Quote:1. Harvard biologist George Wald estimated that “civilization will end within 15 or 30 years unless immediate action is taken against problems facing mankind.”

2. “We are in an environmental crisis which threatens the survival of this nation, and of the world as a suitable place of human habitation,” wrote Washington University biologist Barry Commoner in the Earth Day issue of the scholarly journal Environment.

3. The day after the first Earth Day, the New York Times editorial page warned, “Man must stop pollution and conserve his resources, not merely to enhance existence but to save the race from intolerable deterioration and possible extinction.”

4. “Population will inevitably and completely outstrip whatever small increases in food supplies we make,” Paul Ehrlich confidently declared in the April 1970 Mademoiselle. “The death rate will increase until at least 100-200 million people per year will be starving to death during the next ten years.”

5. “Most of the people who are going to die in the greatest cataclysm in the history of man have already been born,” wrote Paul Ehrlich in a 1969 essay titled “Eco-Catastrophe! “By…[1975] some experts feel that food shortages will have escalated the present level of world hunger and starvation into famines of unbelievable proportions. Other experts, more optimistic, think the ultimate food-population collision will not occur until the decade of the 1980s.”

6. Ehrlich sketched out his most alarmist scenario for the 1970 Earth Day issue of The Progressive, assuring readers that between 1980 and 1989, some 4 billion people, including 65 million Americans, would perish in the “Great Die-Off.”

7. “It is already too late to avoid mass starvation,” declared Denis Hayes, the chief organizer for Earth Day, in the Spring 1970 issue of The Living Wilderness.

8. Peter Gunter, a North Texas State University professor, wrote in 1970, “Demographers agree almost unanimously on the following grim timetable: by 1975 widespread famines will begin in India; these will spread by 1990 to include all of India, Pakistan, China and the Near East, Africa.
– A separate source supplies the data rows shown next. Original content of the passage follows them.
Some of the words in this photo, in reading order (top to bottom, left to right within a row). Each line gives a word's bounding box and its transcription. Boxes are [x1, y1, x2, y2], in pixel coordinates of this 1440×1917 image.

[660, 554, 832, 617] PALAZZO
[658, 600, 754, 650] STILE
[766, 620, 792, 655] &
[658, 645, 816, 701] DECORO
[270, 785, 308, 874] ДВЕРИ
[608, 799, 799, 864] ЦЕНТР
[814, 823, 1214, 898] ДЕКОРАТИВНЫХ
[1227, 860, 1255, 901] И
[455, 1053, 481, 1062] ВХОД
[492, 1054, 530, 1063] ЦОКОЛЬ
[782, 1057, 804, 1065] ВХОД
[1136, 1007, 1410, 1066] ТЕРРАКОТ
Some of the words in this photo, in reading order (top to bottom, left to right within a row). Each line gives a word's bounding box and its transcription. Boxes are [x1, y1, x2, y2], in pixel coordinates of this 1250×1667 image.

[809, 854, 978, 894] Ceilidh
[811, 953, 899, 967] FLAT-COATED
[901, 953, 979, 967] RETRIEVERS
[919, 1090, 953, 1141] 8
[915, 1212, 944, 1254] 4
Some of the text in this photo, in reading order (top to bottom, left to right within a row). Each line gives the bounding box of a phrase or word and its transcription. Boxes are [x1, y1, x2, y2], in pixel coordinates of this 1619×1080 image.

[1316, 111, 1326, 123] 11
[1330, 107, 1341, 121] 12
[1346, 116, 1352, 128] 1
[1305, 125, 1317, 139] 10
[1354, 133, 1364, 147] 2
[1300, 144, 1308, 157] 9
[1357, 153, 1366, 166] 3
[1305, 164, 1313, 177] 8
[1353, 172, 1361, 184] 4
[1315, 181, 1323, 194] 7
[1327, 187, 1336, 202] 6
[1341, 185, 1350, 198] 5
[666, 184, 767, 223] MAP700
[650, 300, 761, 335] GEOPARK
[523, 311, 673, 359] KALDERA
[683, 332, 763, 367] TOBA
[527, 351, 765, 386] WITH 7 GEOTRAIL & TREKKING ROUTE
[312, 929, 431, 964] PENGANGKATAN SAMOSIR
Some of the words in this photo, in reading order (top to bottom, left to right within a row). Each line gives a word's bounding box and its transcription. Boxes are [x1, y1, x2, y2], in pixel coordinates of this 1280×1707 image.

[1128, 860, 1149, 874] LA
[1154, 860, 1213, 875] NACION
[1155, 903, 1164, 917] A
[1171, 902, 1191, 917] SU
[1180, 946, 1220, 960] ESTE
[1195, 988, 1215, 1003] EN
By the year 2000, or conceivably sooner, South and Central America will exist under famine conditions….By the year 2000, thirty years from now, the entire world, with the exception of Western Europe, North America, and Australia, will be in famine.”

9. In January 1970, Life reported, “Scientists have solid experimental and theoretical evidence to support…the following predictions: In a decade, urban dwellers will have to wear gas masks to survive air pollution…by 1985 air pollution will have reduced the amount of sunlight reaching earth by one half….”

10. Ecologist Kenneth Watt told Time that, “At the present rate of nitrogen buildup, it’s only a matter of time before light will be filtered out of the atmosphere and none of our land will be usable.”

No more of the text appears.